About this exercise ▸
When you reproduce the data, keep every word exactly as it stands and leave the pictures out.

The input ▸
#####
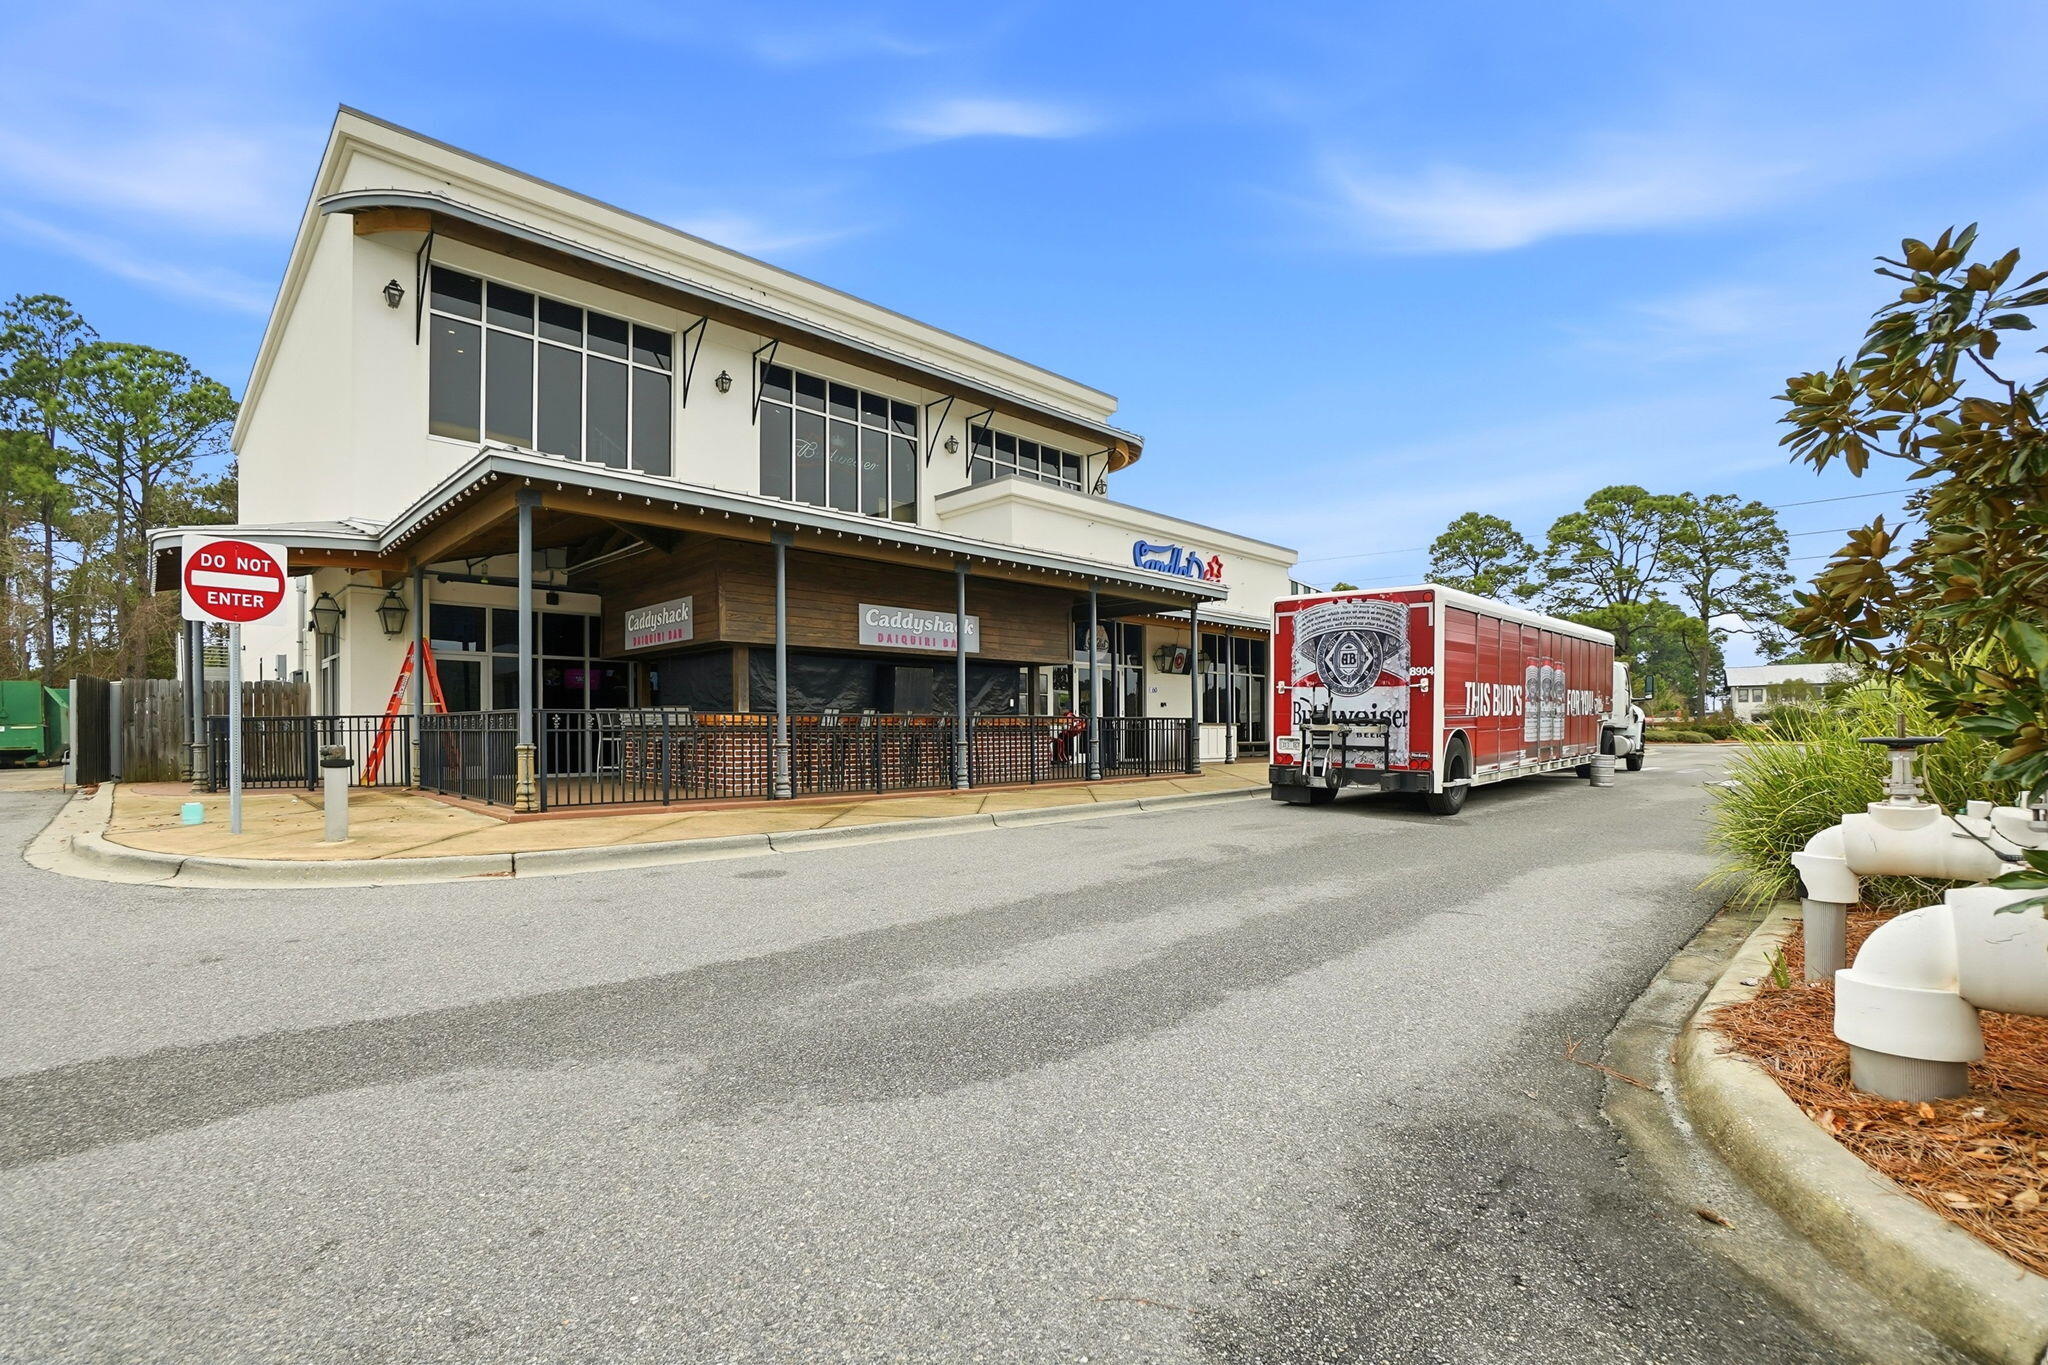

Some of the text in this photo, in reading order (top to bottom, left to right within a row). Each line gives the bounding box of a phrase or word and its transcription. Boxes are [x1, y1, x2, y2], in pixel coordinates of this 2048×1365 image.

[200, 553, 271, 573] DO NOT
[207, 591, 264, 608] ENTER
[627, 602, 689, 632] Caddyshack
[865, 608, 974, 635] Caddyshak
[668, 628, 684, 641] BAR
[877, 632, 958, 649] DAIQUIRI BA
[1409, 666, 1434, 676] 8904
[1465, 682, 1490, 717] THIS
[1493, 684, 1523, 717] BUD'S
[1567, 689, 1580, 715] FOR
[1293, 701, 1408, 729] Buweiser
#####
Completed exercise ▸
Some of the text in this photo, in reading order (top to bottom, left to right within a row). Each line gives the bounding box of a phrase or word and its transcription. Boxes are [x1, y1, x2, y2], in pixel coordinates of this 2048×1365 image.

[200, 553, 271, 573] DO NOT
[207, 591, 264, 608] ENTER
[627, 602, 689, 632] Caddyshack
[865, 608, 974, 635] Caddyshak
[668, 628, 684, 641] BAR
[877, 632, 958, 649] DAIQUIRI BA
[1409, 666, 1434, 676] 8904
[1465, 682, 1490, 717] THIS
[1493, 684, 1523, 717] BUD'S
[1567, 689, 1580, 715] FOR
[1293, 701, 1408, 729] Buweiser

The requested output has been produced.